PromptThin

The invisible savings layer for AI Agents. Save 70% on tokens with zero code changes

PromptThin

Reduce LLM API costs through caching, compression, and smart routing. Zero code changes.

PromptThin is a transparent proxy that sits between your AI agents and LLM providers. Two environment variables and you're done — every API call gets four compounding savings routes applied automatically.

Your app ──→ PromptThin ──→ OpenAI / Anthropic / Gemini / Groq

Website Free trial

Four savings routes

Route	What it does	Saving
Semantic Cache	Returns cached answers for similar questions — even if worded differently	Up to 100% on repeated queries
Prompt Compression	Compresses verbose prompts with LLMLingua 2 before sending	Up to 50% on input tokens
Model Router	Automatically routes simple tasks to cheaper models in <1ms	Up to 90% per request
Context Pruning	Summarises long conversation history when it exceeds 8K tokens	Up to 60% on long threads

All four routes run on every request. You control which to skip per-request via headers.

Get started in 2 minutes

Step 1 — Create an account

Or via API:

curl -X POST https://promptthin.tech/auth/register
-H "Content-Type: application/json"
-d '{"email": "[email protected]", "password": "yourpassword"}'

Password requirements: 8+ characters, uppercase, lowercase, number, special character. Check your inbox for a verification email before making API calls.

Step 2 — Register your LLM provider key

OpenAI

curl -X POST https://promptthin.tech/keys/openai
-H "X-API-Key: ts_your_key"
-H "Content-Type: application/json"
-d '{"key": "sk-your-openai-key"}'

Anthropic

curl -X POST https://promptthin.tech/keys/anthropic
-H "X-API-Key: ts_your_key"
-H "Content-Type: application/json"
-d '{"key": "sk-ant-your-anthropic-key"}'

Gemini

curl -X POST https://promptthin.tech/keys/gemini
-H "X-API-Key: ts_your_key"
-H "Content-Type: application/json"
-d '{"key": "AIza-your-gemini-key"}'

Groq

curl -X POST https://promptthin.tech/keys/groq
-H "X-API-Key: ts_your_key"
-H "Content-Type: application/json"
-d '{"key": "gsk_your-groq-key"}'

Your provider keys are encrypted with AES-256 and never appear in logs or responses.

Step 3 — Point your app at PromptThin

.env — two lines, no other changes needed

OPENAI_BASE_URL=https://promptthin.tech/v1 OPENAI_API_KEY=ts_your_key

Done.
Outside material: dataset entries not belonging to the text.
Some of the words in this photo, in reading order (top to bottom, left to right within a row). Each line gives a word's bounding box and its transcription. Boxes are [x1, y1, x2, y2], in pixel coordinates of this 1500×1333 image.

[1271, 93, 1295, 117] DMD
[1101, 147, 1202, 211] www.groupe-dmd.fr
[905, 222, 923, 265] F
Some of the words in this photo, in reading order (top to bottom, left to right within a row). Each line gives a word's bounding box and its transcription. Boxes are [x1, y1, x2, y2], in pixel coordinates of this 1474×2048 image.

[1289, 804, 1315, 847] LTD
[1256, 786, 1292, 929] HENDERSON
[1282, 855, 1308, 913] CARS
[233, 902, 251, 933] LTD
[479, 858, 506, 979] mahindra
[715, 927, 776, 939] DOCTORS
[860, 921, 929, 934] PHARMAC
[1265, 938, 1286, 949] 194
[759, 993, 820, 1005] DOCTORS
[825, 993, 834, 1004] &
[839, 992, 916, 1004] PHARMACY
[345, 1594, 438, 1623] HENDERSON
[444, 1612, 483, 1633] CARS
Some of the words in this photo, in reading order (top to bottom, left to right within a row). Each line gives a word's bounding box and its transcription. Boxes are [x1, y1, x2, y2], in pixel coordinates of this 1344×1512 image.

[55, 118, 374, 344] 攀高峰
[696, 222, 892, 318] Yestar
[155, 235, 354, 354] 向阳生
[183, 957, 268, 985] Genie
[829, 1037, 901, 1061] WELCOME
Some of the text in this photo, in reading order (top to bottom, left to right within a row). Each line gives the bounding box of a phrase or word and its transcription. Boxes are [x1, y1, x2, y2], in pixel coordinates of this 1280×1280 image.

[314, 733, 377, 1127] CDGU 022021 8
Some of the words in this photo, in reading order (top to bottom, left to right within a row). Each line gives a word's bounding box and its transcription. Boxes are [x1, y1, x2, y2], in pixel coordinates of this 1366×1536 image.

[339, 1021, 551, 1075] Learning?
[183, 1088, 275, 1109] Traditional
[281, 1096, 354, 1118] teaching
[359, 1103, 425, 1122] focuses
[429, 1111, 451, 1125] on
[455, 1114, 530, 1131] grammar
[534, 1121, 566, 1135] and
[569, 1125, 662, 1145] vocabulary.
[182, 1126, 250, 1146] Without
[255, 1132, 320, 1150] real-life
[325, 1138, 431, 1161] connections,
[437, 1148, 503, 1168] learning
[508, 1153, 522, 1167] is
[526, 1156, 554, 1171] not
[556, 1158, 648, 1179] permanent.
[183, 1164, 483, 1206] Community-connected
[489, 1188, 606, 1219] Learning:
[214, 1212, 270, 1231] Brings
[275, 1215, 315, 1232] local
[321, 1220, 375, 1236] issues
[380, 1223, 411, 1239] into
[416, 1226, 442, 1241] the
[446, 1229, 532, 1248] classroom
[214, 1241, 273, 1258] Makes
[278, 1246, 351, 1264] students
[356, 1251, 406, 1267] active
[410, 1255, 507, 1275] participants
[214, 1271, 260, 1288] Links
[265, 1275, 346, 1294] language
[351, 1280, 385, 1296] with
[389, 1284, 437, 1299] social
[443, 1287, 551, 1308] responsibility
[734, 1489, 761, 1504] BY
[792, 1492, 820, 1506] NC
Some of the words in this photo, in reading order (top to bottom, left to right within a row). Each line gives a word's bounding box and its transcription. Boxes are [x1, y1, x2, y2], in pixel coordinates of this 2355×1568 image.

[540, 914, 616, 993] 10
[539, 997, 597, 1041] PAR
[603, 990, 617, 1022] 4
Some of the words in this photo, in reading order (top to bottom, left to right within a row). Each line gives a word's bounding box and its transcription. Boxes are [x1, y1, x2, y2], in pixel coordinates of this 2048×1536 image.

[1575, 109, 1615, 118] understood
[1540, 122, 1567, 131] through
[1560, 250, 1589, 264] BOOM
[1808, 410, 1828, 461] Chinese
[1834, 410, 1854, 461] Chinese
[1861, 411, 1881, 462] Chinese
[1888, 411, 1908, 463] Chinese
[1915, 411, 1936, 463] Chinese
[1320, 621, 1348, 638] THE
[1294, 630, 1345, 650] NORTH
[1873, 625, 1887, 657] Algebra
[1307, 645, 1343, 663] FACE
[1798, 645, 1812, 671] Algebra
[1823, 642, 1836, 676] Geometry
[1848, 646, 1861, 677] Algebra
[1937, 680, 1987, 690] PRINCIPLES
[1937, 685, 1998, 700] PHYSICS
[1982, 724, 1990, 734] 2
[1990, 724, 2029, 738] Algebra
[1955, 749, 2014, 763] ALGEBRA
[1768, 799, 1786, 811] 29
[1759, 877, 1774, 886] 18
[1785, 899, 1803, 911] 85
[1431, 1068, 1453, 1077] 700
Every LLM call now routes through PromptThin and savings start immediately.

Integration examples

OpenAI SDK — Python

from openai import OpenAI

client = OpenAI( base_url="https://promptthin.tech/v1", api_key="ts_your_key", )

response = client.chat.completions.create( model="gpt-4o", messages=[{"role": "user", "content": "Hello!"}] )

OpenAI SDK — JavaScript / TypeScript

import OpenAI from "openai";

const client = new OpenAI({ baseURL: "https://promptthin.tech/v1", apiKey: "ts_your_key", });

Anthropic SDK — Python

import anthropic

client = anthropic.Anthropic( base_url="https://promptthin.tech", api_key="ts_your_key", )

Anthropic SDK — JavaScript

import Anthropic from "@anthropic-ai/sdk";

const client = new Anthropic({ baseURL: "https://promptthin.tech", apiKey: "ts_your_key", });

LangChain

from langchain_openai import ChatOpenAI

llm = ChatOpenAI( base_url="https://promptthin.tech/v1", api_key="ts_your_key", model="gpt-4o", )

AutoGen

config_list = [{ "model": "gpt-4o", "base_url": "https://promptthin.tech/v1", "api_key": "ts_your_key", }]

CrewAI / any OpenAI-compatible framework

OPENAI_BASE_URL=https://promptthin.tech/v1 OPENAI_API_KEY=ts_your_key

Vercel AI SDK

import { createOpenAI } from "@ai-sdk/openai";

const openai = createOpenAI({ baseURL: "https://promptthin.tech/v1", apiKey: "ts_your_key", });

LiteLLM

import litellm

litellm.api_base = "https://promptthin.tech/v1" litellm.api_key = "ts_your_key"

Cursor / Continue.dev / Open WebUI

In settings, set:

OpenAI API Base URL: https://promptthin.tech/v1
API Key: ts_your_key

Supported models

PromptThin infers the provider from the model name automatically:

Model prefix	Routes to
gpt-, o1-, o3-*	OpenAI
claude-*	Anthropic
gemini-*	Google Gemini
llama-, mixtral-, gemma-*	Groq

Preview savings before committing

Use the POST /predict-savings endpoint to get a cost estimate before making a real LLM call — no tokens billed, no LLM call made:

curl -X POST https://promptthin.tech/predict-savings
-H "X-API-Key: ts_your_key"
-H "Content-Type: application/json"
-d '{ "model": "gpt-4o", "provider": "openai", "messages": [ {"role": "user", "content": "your long prompt here..."} ] }'

Response:

{ "original_tokens": 4200, "estimated_tokens_after_savings": 2100, "estimated_cost_original": 0.0105, "estimated_cost_after_savings": 0.0013, "estimated_saving": 0.0092, "saving_percent": 87.5, "recommendation": "proceed" }

MCP server

Add to claude_desktop_config.json:

{ "mcpServers": { "promptthin": { "url": "https://promptthin.tech/mcp", "headers": { "X-API-Key": "ts_your_key" } } } }

Available tools: get_usage_summary, get_billing_status, flush_cache, get_recent_requests.

Per-request controls

Header	Value	Effect
X-Cache-Control	no-cache	Skip cache lookup and storage
X-Prune-Control	no-prune	Skip context pruning
X-Compress-Control	no-compress	Skip prompt compression
X-Router-Control	no-route	Skip model routing

Pricing

Plan	Price	Requests
No card	Free	20 requests to explore
Pro	7-day free trial · then $4.99 first month · then $11.99/mo	Unlimited
Enterprise	Custom	Unlimited + SLA + dedicated support

Start free trial →

Security

Provider keys encrypted with AES-256 — never in logs or responses
Email verification required before making API calls
Strong passwords enforced (8+ chars, upper, lower, number, special character)
All traffic HTTPS only
Keys stored in GCP Secret Manager

FAQ

**Do I need to change my code?**No. Set two environment variables.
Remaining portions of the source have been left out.